→ **Work request**:
Will you transcribe all the entries word for word, skipping the pictures they hold?

→ **Data entries**:
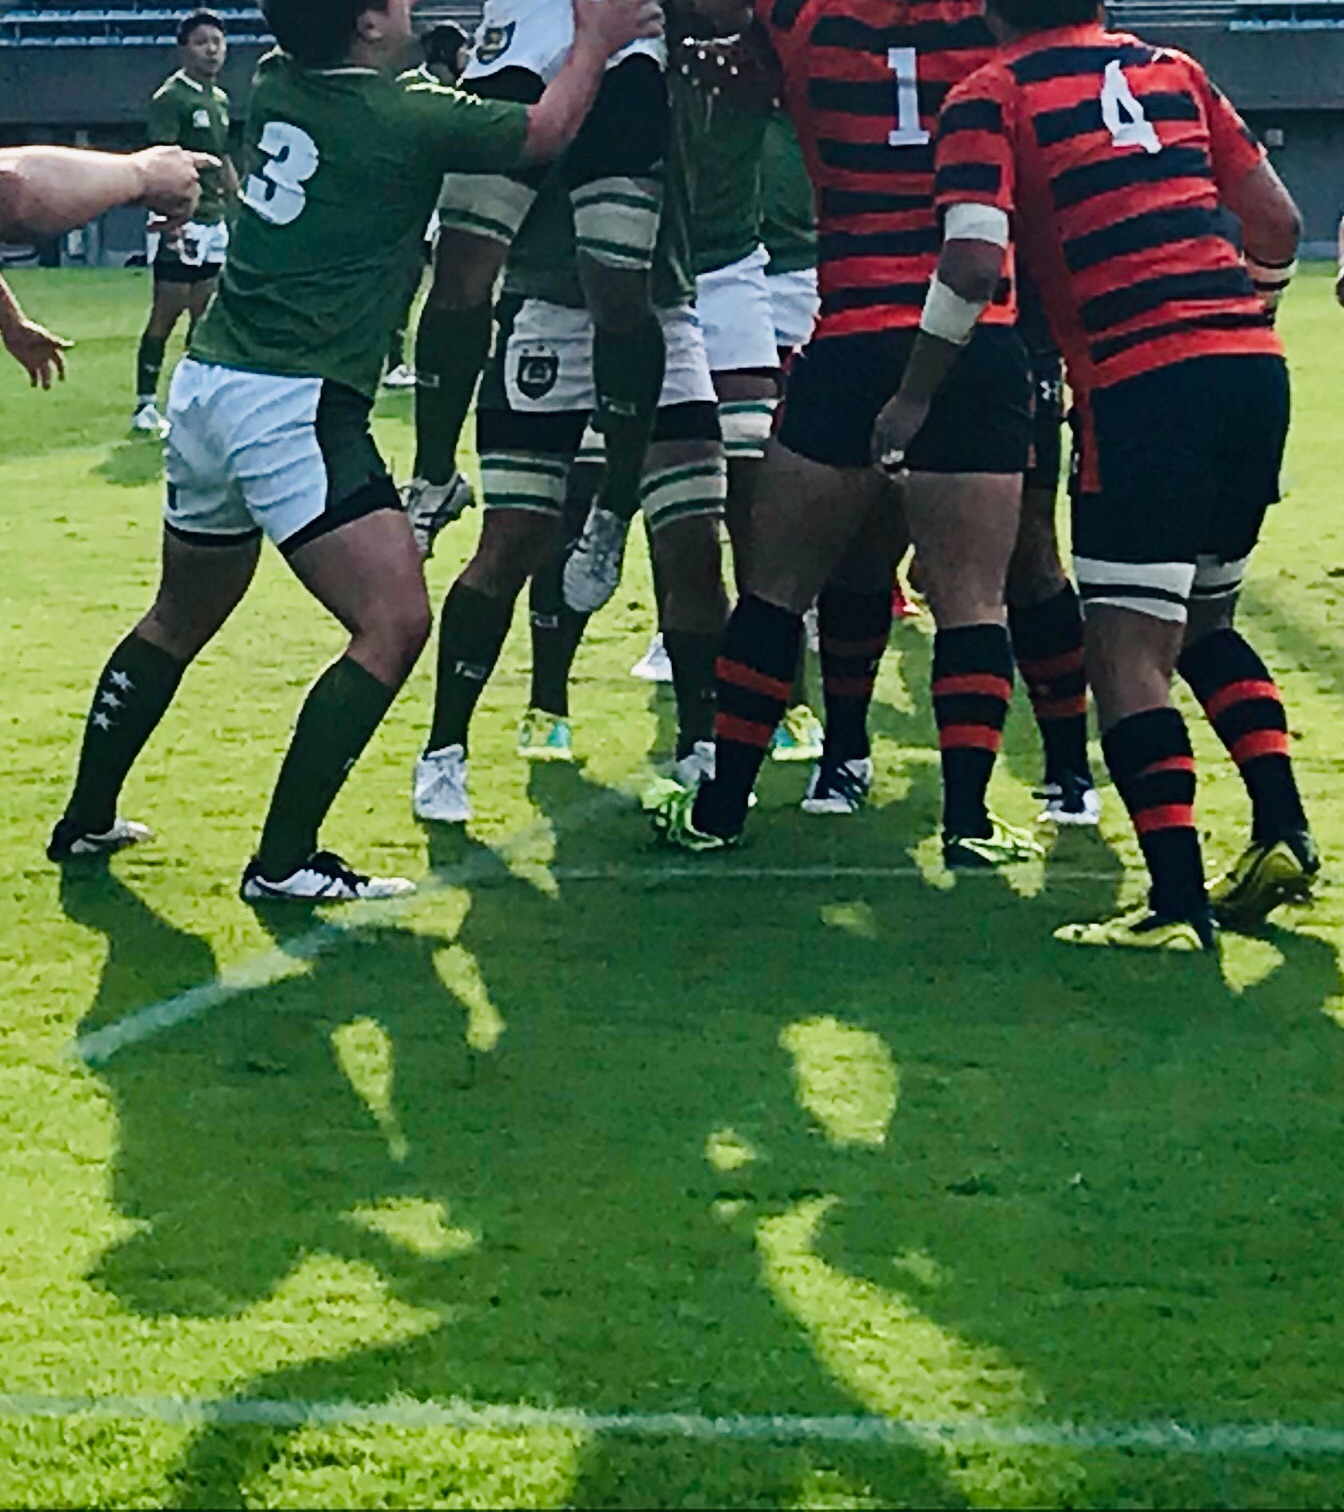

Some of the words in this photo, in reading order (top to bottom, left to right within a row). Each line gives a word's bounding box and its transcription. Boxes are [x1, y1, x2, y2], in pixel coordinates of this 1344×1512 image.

[888, 47, 930, 146] 1
[1101, 59, 1162, 153] 4
[240, 121, 319, 225] 3
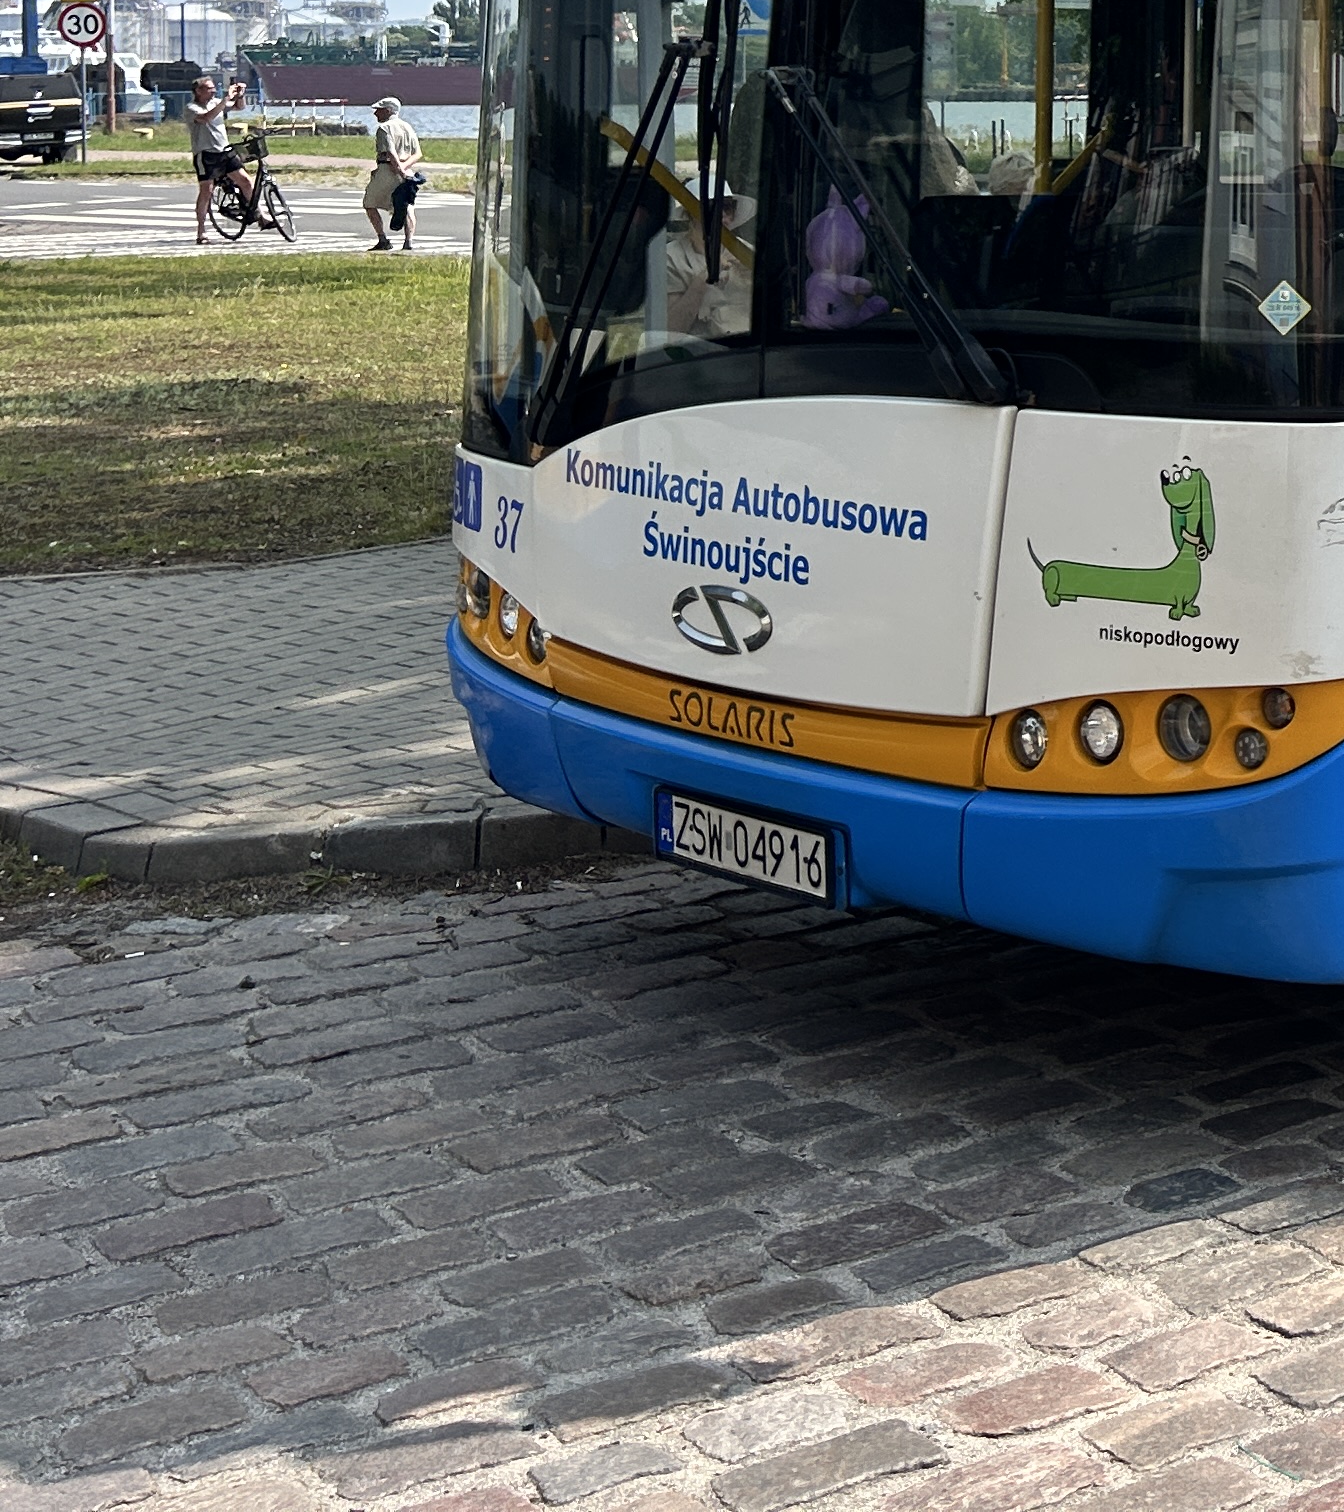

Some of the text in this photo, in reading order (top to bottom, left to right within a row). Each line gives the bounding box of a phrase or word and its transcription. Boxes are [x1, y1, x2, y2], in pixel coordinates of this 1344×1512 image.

[67, 14, 99, 36] 30
[494, 495, 525, 554] 37
[565, 448, 928, 542] Komunikacja Autobusowa
[643, 511, 810, 585] Świnoujście
[1099, 624, 1240, 654] niskopodłogowy
[669, 688, 795, 748] SOLARIS
[660, 827, 673, 842] PL
[674, 801, 822, 888] ZSW 04916
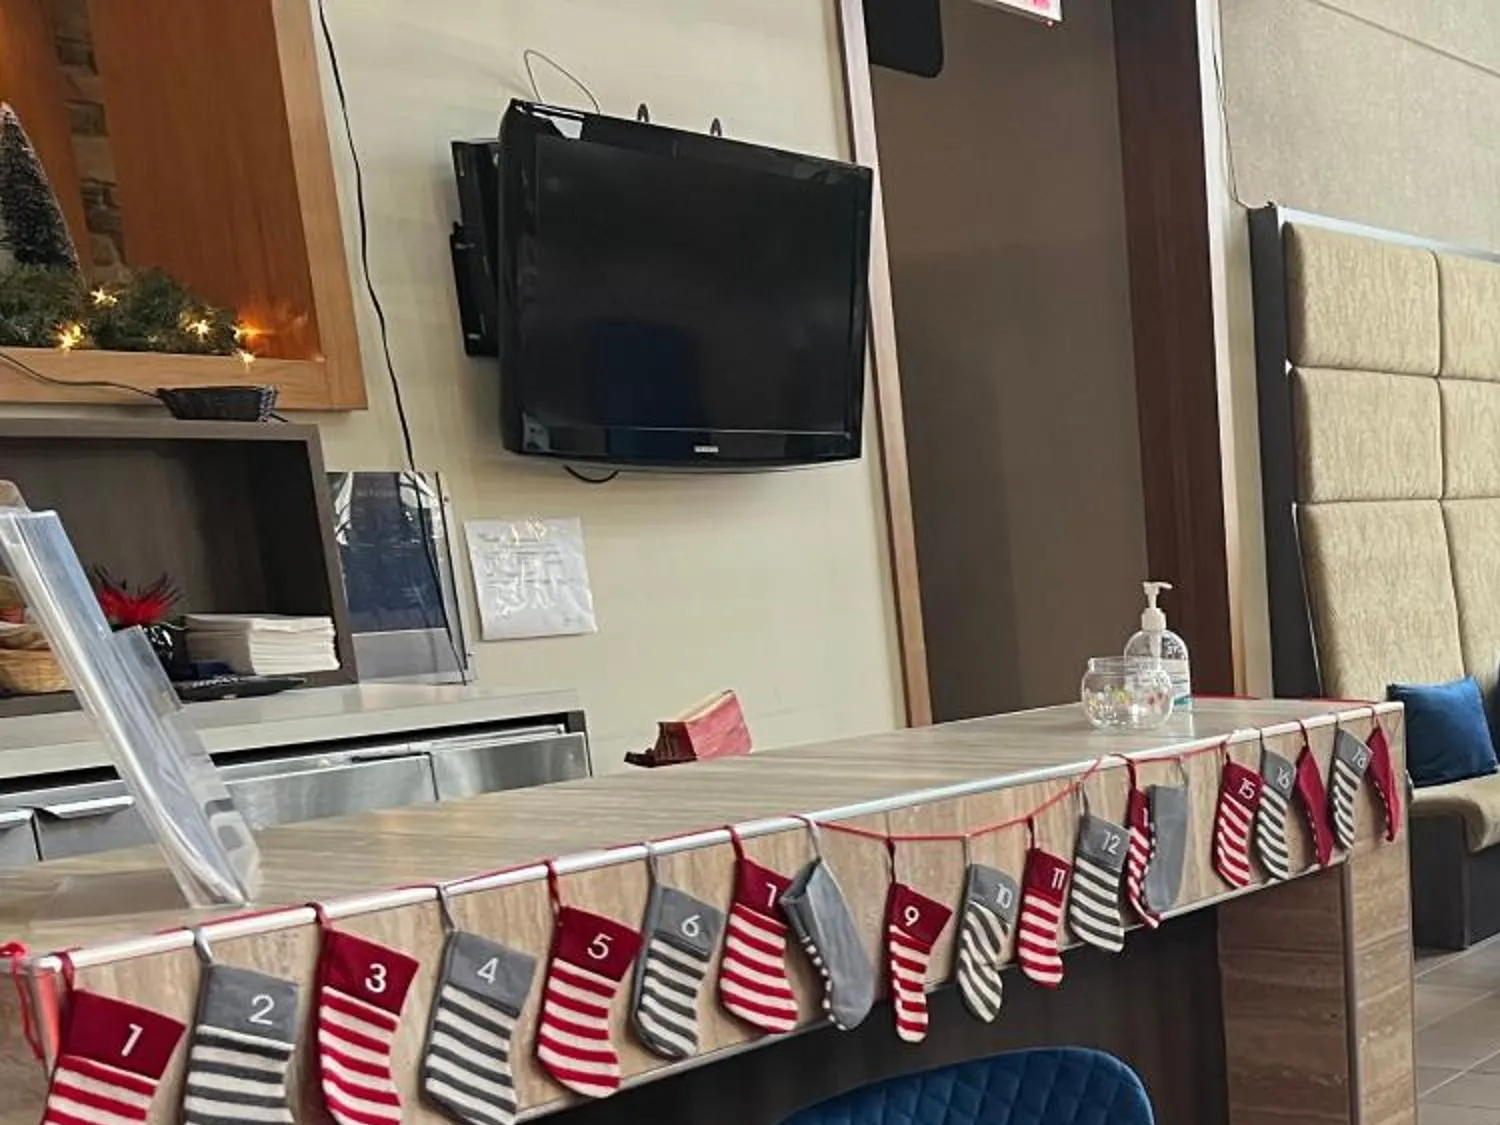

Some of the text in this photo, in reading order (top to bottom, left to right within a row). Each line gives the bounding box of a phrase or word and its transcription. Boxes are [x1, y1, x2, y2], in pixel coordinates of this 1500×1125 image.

[1239, 777, 1257, 799] 15
[1102, 828, 1120, 854] 12
[1051, 867, 1066, 889] 11
[995, 883, 1013, 909] 10
[682, 914, 700, 937] 6
[904, 907, 920, 926] 9
[587, 933, 612, 959] 5
[365, 963, 386, 993] 3
[476, 957, 498, 984] 4
[250, 994, 275, 1025] 2
[121, 1023, 142, 1056] 1
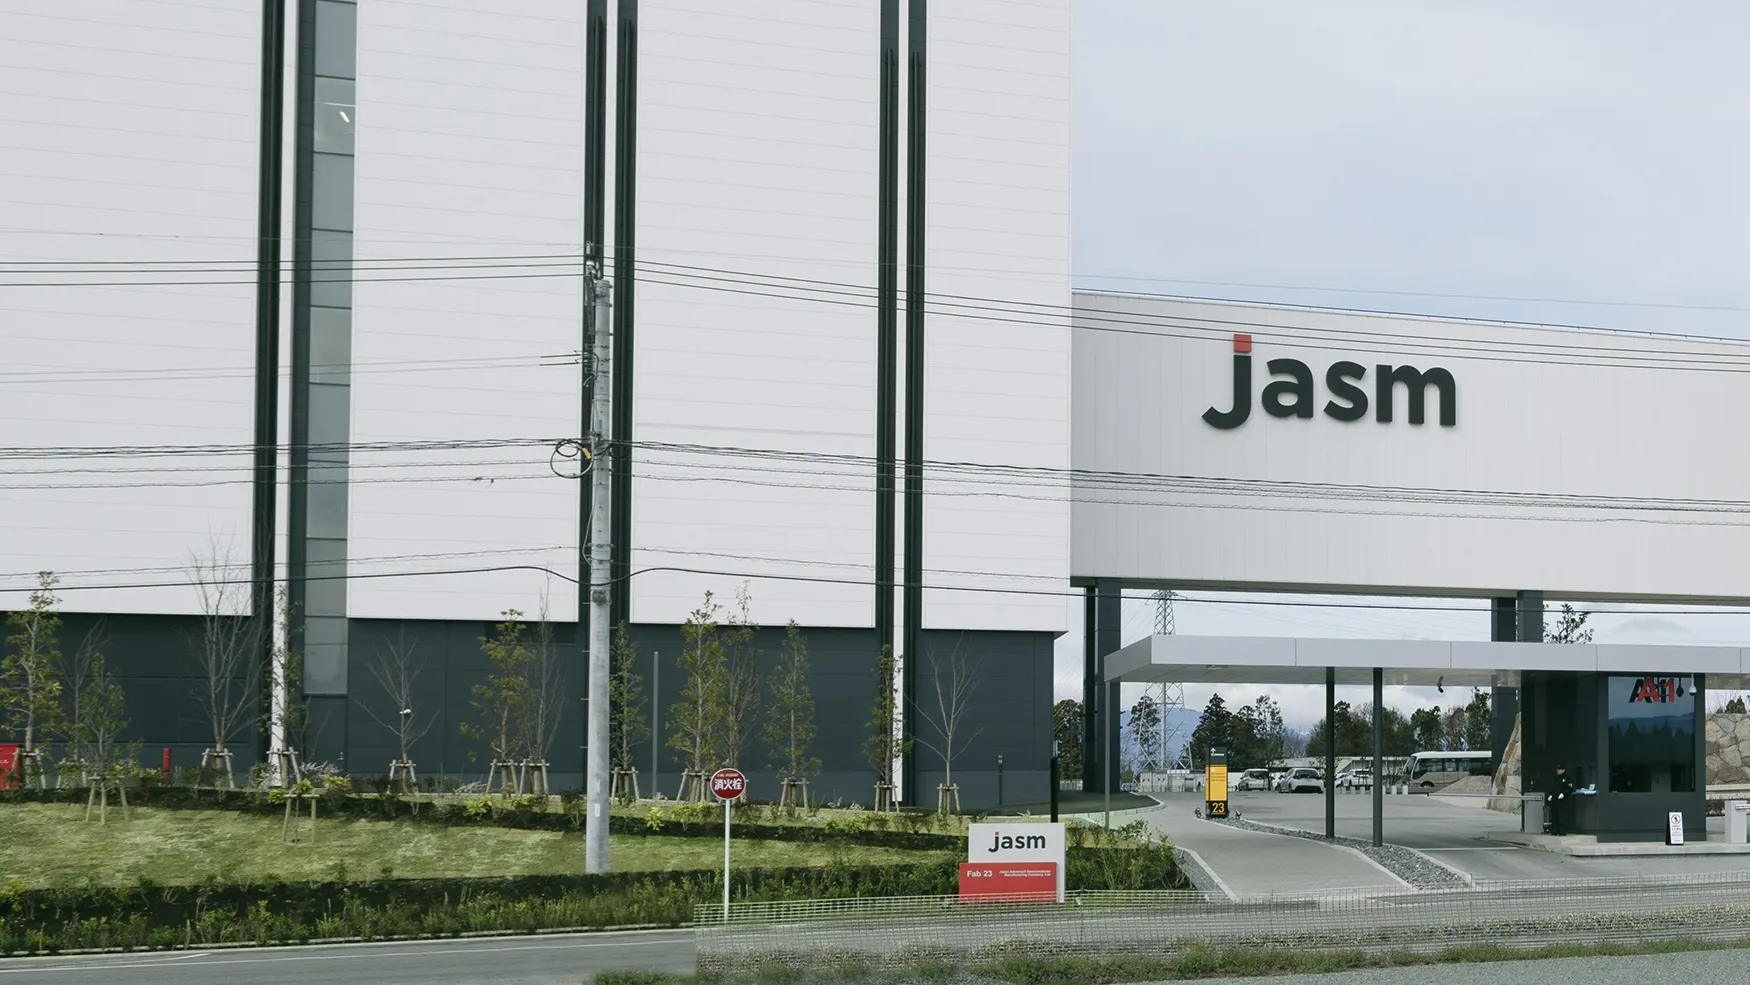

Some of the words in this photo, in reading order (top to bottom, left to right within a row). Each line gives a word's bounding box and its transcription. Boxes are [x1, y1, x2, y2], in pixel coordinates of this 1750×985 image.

[1202, 334, 1456, 429] jasm
[1636, 677, 1675, 703] A1
[714, 778, 742, 790] 消火栓
[1212, 802, 1225, 813] 23
[988, 831, 1046, 853] jasm
[983, 869, 993, 877] 23
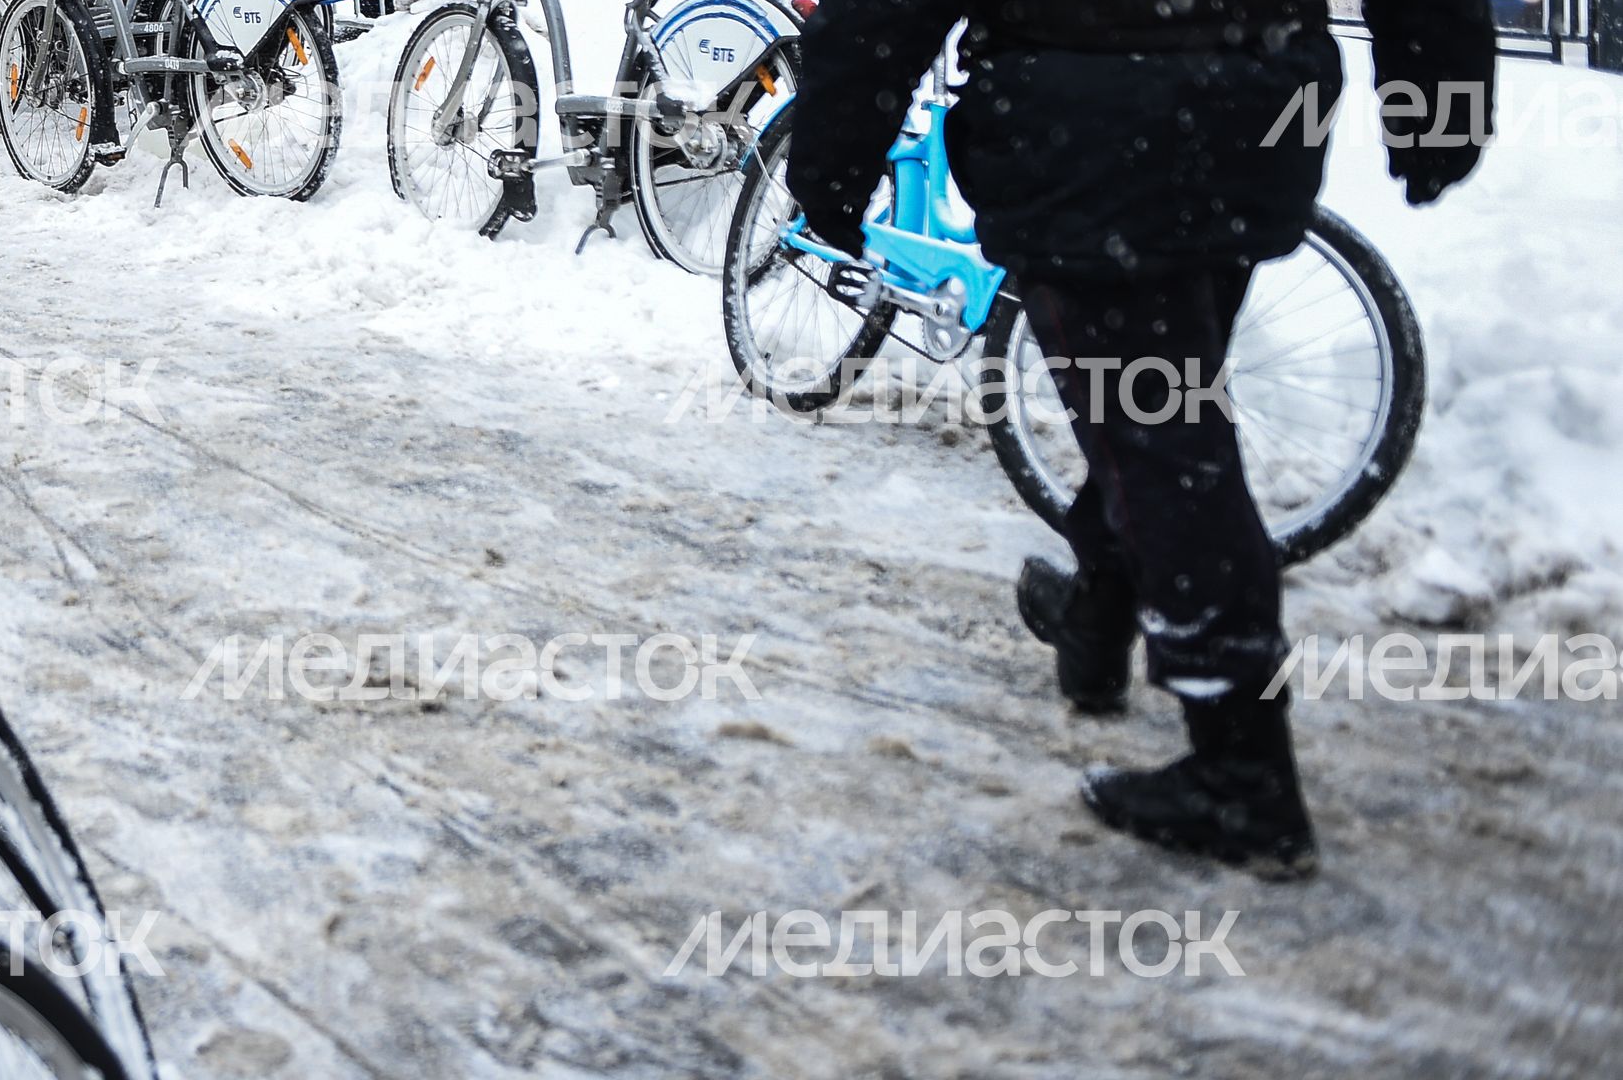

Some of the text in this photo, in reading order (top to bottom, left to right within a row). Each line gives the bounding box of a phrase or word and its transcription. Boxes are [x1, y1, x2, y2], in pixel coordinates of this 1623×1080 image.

→ **Solution to this task**:
Some of the words in this photo, in reading order (top to bottom, left to right within a row). Each line gives a word's bounding box and its transcription. Boxes are [x1, y1, x2, y2], in pixel coordinates of this 1344×1512 image.

[888, 47, 930, 146] 1
[1101, 59, 1162, 153] 4
[240, 121, 319, 225] 3

Some of the text in this photo, in reading order (top to bottom, left to right within a row). Each line gives the bounding box of a phrase or word and its transcription. Boxes are [x1, y1, x2, y2], in pixel coordinates of this 1344×1512 image.

[67, 14, 99, 36] 30
[494, 495, 525, 554] 37
[565, 448, 928, 542] Komunikacja Autobusowa
[643, 511, 810, 585] Świnoujście
[1099, 624, 1240, 654] niskopodłogowy
[669, 688, 795, 748] SOLARIS
[660, 827, 673, 842] PL
[674, 801, 822, 888] ZSW 04916

Some of the text in this photo, in reading order (top to bottom, left to right within a row). Each line gives the bounding box of a phrase or word and its transcription. Boxes are [x1, y1, x2, y2], in pixel coordinates of this 1500×1125 image.

[1239, 777, 1257, 799] 15
[1102, 828, 1120, 854] 12
[1051, 867, 1066, 889] 11
[995, 883, 1013, 909] 10
[682, 914, 700, 937] 6
[904, 907, 920, 926] 9
[587, 933, 612, 959] 5
[365, 963, 386, 993] 3
[476, 957, 498, 984] 4
[250, 994, 275, 1025] 2
[121, 1023, 142, 1056] 1

Some of the words in this photo, in reading order (top to bottom, left to right within a row). Each line gives a word's bounding box and its transcription. Boxes are [x1, y1, x2, y2], in pixel coordinates of this 1750×985 image.

[1202, 334, 1456, 429] jasm
[1636, 677, 1675, 703] A1
[714, 778, 742, 790] 消火栓
[1212, 802, 1225, 813] 23
[988, 831, 1046, 853] jasm
[983, 869, 993, 877] 23

Some of the text in this photo, in reading order (top to bottom, left to right within a row). Each line gives the bounding box of a phrase or word and its transcription. Boxes are [x1, y1, x2, y2], in pixel coordinates of this 1623×1080 image.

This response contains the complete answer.